The Dual-Chamber and VVI Implantable Defibrillator (DAVID) trial demonstrated a worse outcome in patients with implantable cardioverter-defibrillators (ICDs) programmed to DDDR at 70 bpm compared with patients who had ICDs programmed to VVI backup pacing at 40 bpm. Pacing was more frequent in the DDDR group.

Objectives

The purpose of this study was to determine whether right ventricular pacing (RV) is an independent predictor of outcome in the DAVID trial.

Methods

We evaluated the relationship of percent RV pacing to the composite endpoint of death or hospitalization for congestive heart failure.

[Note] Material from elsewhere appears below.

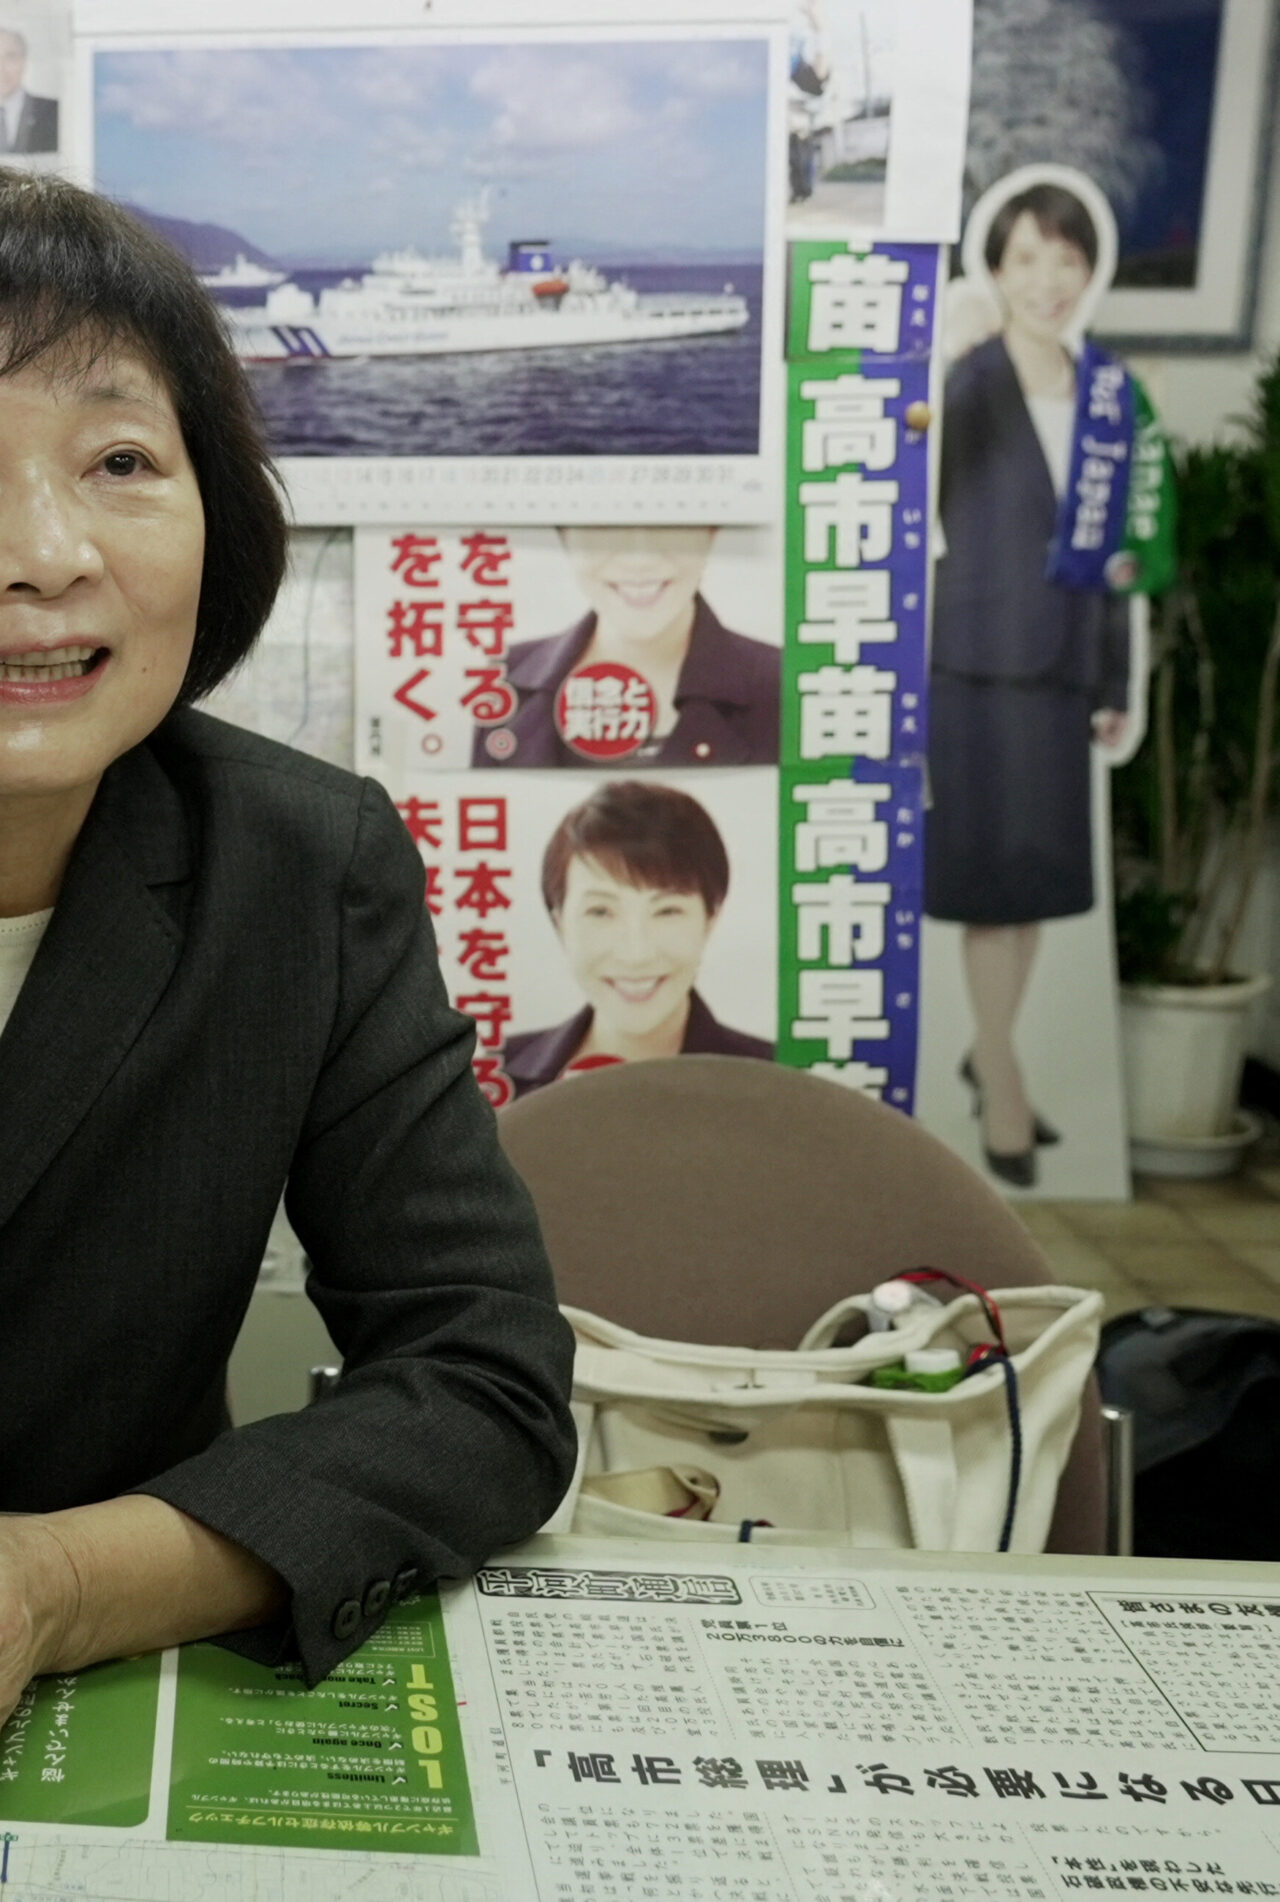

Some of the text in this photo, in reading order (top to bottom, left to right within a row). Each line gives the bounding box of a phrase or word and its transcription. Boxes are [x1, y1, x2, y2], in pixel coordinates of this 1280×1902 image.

Patients who had a 3-month follow-up and who had not yet reached an endpoint were included in the study. Using Cox regression analysis (VVI group N = 195; DDDR group N = 185), we examined multiple factors, including percent RV pacing at 3-month follow-up, that might be associated with adverse outcomes.

Results

Percent RV pacing as a continuous variable was correlated with the primary endpoint. As a dichotomous variable, the best separation for predicting endpoints occurred with DDDR RV pacing >40% vs DDDR RV pacing ≤40% (P = .025). Patients with DDDR RV pacing ≤40% had similar or better outcomes to the VVI backup group (P = .07). Correction for baseline variables predictive of the composite outcome in the (nonpaced) VVI group (use of nitrates, increased heart rate, and increased age) did not change the findings for RV pacing (P = .008). In contrast, atrial pacing was not predictive of worse outcomes.

Conclusion

These results suggest, but do not prove, a causal relationship between frequent RV pacing and adverse outcomes in patients with left ventricular ejection fraction ≤40%.

Introduction

Clinical trials have demonstrated the efficacy of implantable cardioverter-defibrillators (ICDs) to reduce mortality in patients at high risk for potentially malignant ventricular arrhythmias.1, 2, 3, 4, 5, 6, 7, 8 Most of these clinical trials used single-chamber pacing (VVI) ICDs. The recently published Dual-chamber and VVI Implantable Defibrillator (DAVID) trial was a single-blind, parallel-group, randomized prospective clinical trial comparing patients with dual-chamber pacing ICDs programmed to either VVI at 40 bpm (VVI-40) or DDDR at 70 bpm (DDDR-70).9, 10 The major new finding was that dual-chamber pacing was associated with an increase in the composite primary endpoint of death or hospitalization for congestive heart failure (CHF) at 1 year: 16.1% for the VVI-40 group vs 26.7% for the DDDR-70 group.

Several ICD and pacemaker trials have suggested that right ventricular (RV) pacing may have detrimental effects.5, 11, 12 The DAVID trial included patients needing an ICD who had a depressed ejection fraction (≤40%) and who had no clinical indication for pacing.10 The hypothesis in this trial was that the DDDR-70 mode would provide rate support to maintain or increase cardiac output and suppress arrhythmias, while allowing optimal medical therapy with drugs with known negative chronotropic effects (beta-blockers and class III antiarrhythmics). As a result of the ICD programming in relation to the intrinsic AV conduction, 60% of ventricular beats were RV paced in the DDDR-70 group compared with 2% in the VVI-40 group.10 The percent RV pacing could not be predetermined but was measured at first device follow-up at approximately 3 months. In this study, we investigated whether percent RV pacing was an independent predictor of outcomes or merely a reflection of other predisposing clinical variables. We also investigated predictors of RV pacing, as this information may assist with decisions regarding device choice and/or mode selection.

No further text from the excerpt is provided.